==== Supplied entries ====

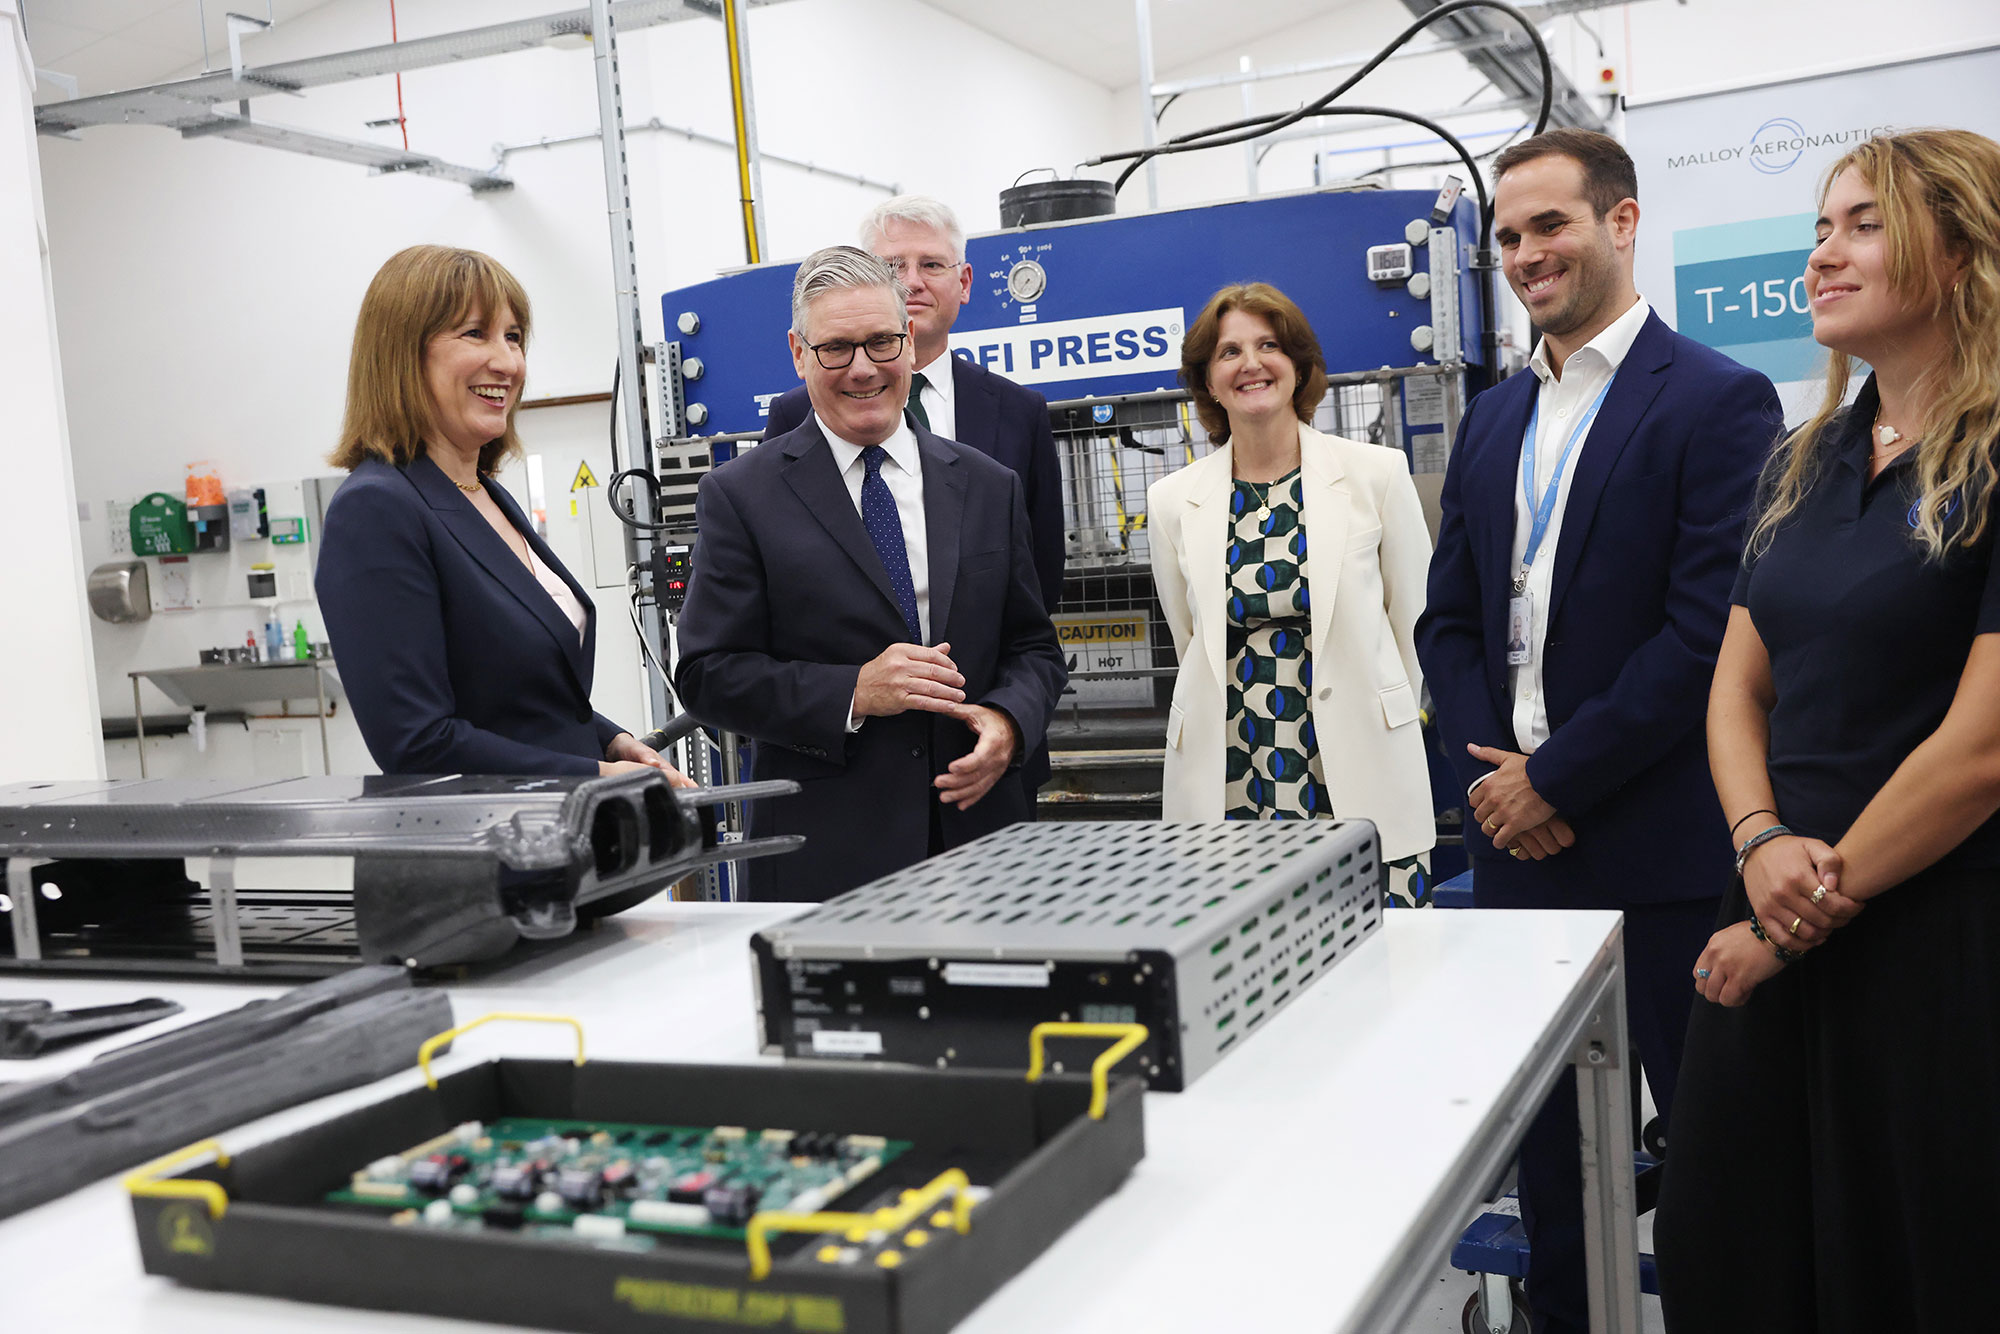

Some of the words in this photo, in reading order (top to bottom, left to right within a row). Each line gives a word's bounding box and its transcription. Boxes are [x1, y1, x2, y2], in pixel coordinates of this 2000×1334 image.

[1667, 146, 1744, 169] MALLOY
[1750, 125, 1896, 156] AERONAUTICS
[1694, 276, 1811, 324] T-150
[1030, 325, 1169, 370] PRESS
[1058, 623, 1136, 641] CAUTION
[1098, 656, 1123, 668] HOT
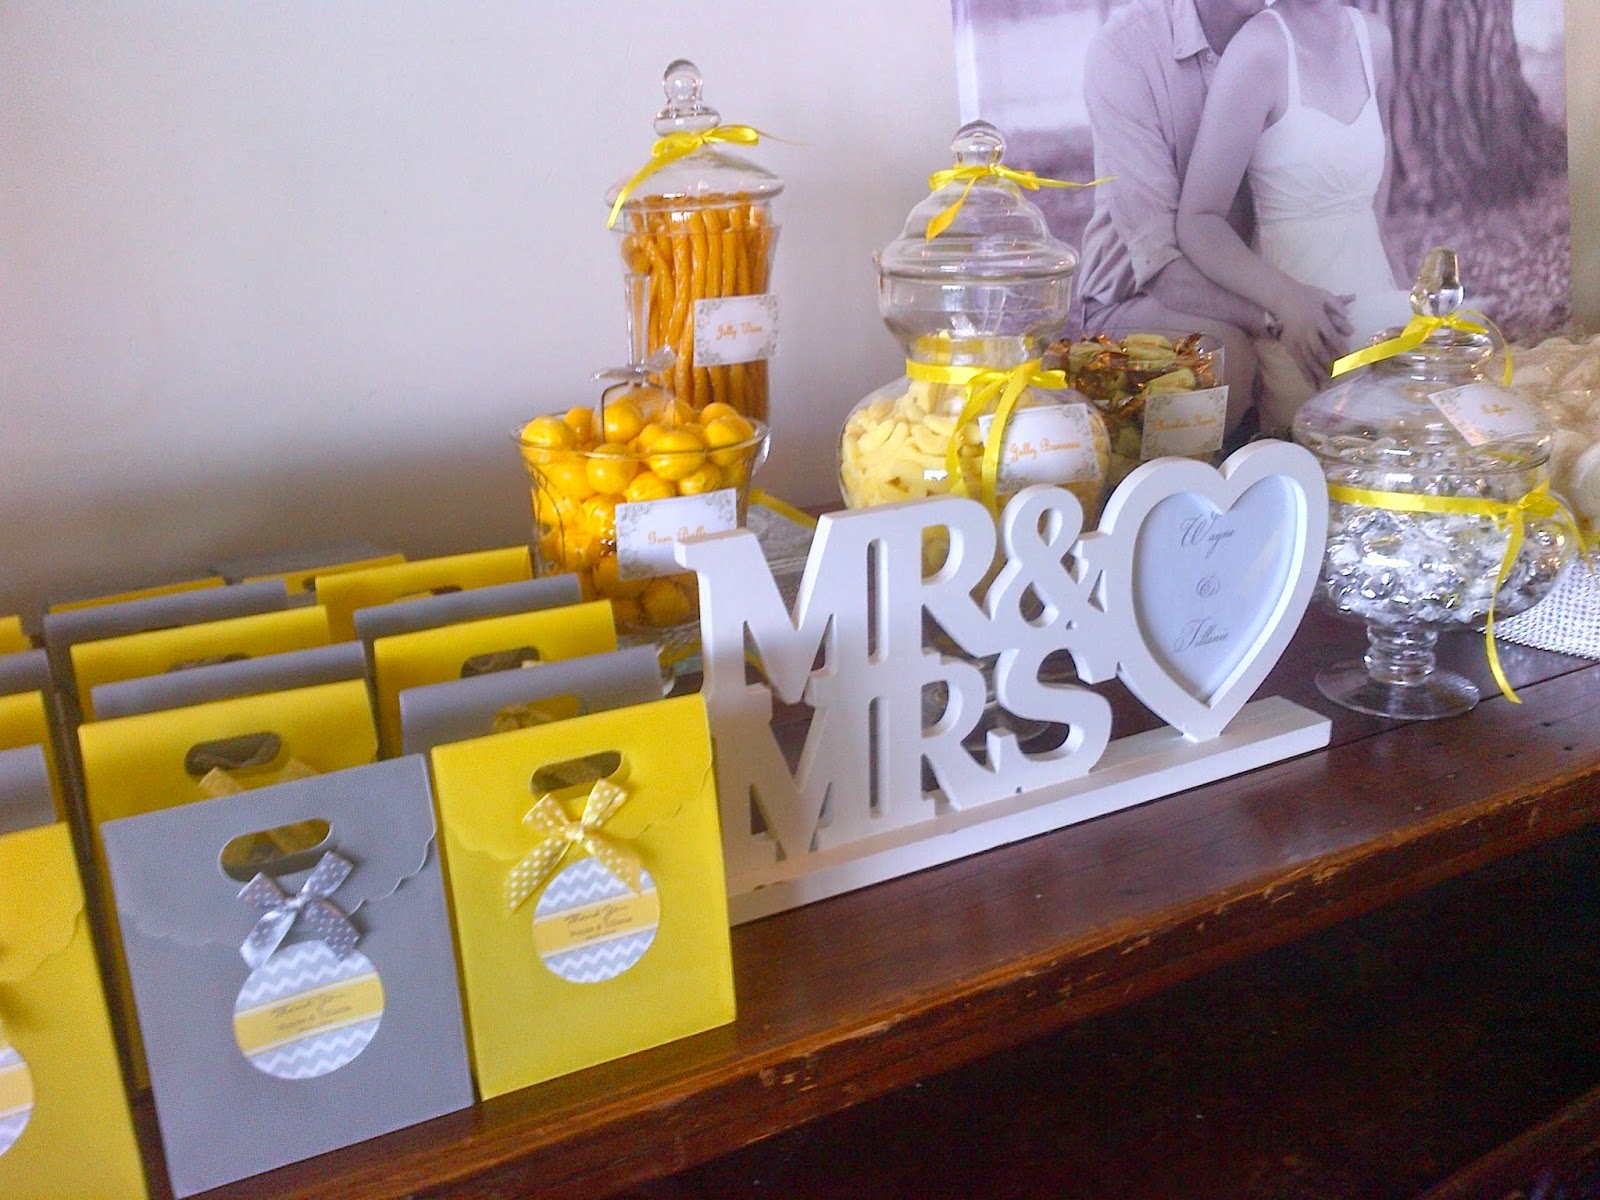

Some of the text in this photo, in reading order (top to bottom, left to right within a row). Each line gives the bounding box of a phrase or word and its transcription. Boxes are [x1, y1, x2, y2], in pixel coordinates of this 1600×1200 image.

[1009, 442, 1037, 463] Jelly
[674, 493, 996, 706] MR
[1180, 511, 1235, 560] Wayne
[704, 647, 1113, 868] MRS

====

> _Exercise brief_: Give back every line of the material exactly as written, but not the pictures.

> _Response area_:
Some of the words in this photo, in reading order (top to bottom, left to right within a row). Each line gives a word's bounding box and its transcription. Boxes are [x1, y1, x2, y2], in pixel coordinates of this 2000×1334 image.

[1667, 146, 1744, 169] MALLOY
[1750, 125, 1896, 156] AERONAUTICS
[1694, 276, 1811, 324] T-150
[1030, 325, 1169, 370] PRESS
[1058, 623, 1136, 641] CAUTION
[1098, 656, 1123, 668] HOT

Some of the text in this photo, in reading order (top to bottom, left to right within a row). Each line gives the bounding box of a phrase or word and its transcription. Boxes are [x1, y1, x2, y2], in pixel coordinates of this 1600×1200 image.

[1009, 442, 1037, 463] Jelly
[674, 493, 996, 706] MR
[1180, 511, 1235, 560] Wayne
[704, 647, 1113, 868] MRS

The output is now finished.